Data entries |
----------
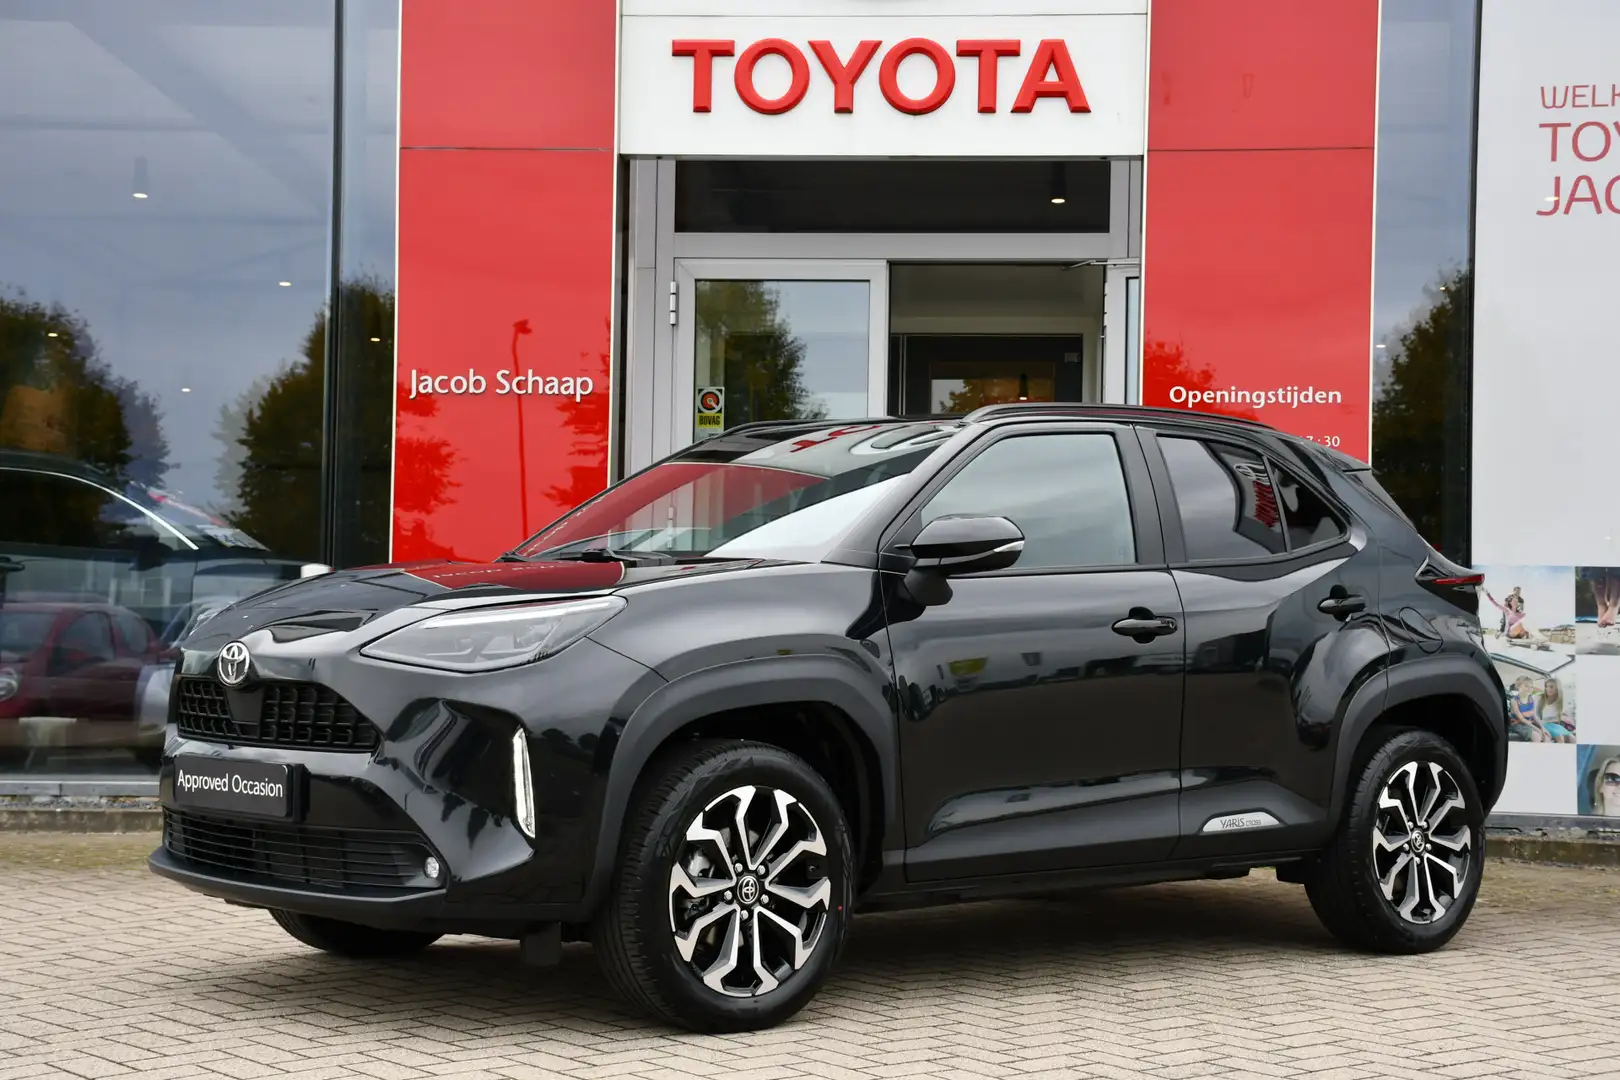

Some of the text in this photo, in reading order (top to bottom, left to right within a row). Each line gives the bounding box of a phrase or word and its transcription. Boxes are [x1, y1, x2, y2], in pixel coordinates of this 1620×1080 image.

[672, 37, 1092, 115] TOYOTA
[1539, 121, 1620, 162] TO
[409, 368, 594, 402] Jacob Schaap
[1169, 386, 1342, 409] Openingstijden
[699, 415, 721, 426] BOVAG
[177, 769, 283, 798] Approved Occasion
----------
DIRECTIONS | Pictures are to be omitted; set down the rest of the entries exactly as given.

RESPONSE |
Some of the text in this photo, in reading order (top to bottom, left to right within a row). Each line gives the bounding box of a phrase or word and its transcription. Boxes are [x1, y1, x2, y2], in pixel coordinates of this 1620×1080 image.

[672, 37, 1092, 115] TOYOTA
[1539, 121, 1620, 162] TO
[409, 368, 594, 402] Jacob Schaap
[1169, 386, 1342, 409] Openingstijden
[699, 415, 721, 426] BOVAG
[177, 769, 283, 798] Approved Occasion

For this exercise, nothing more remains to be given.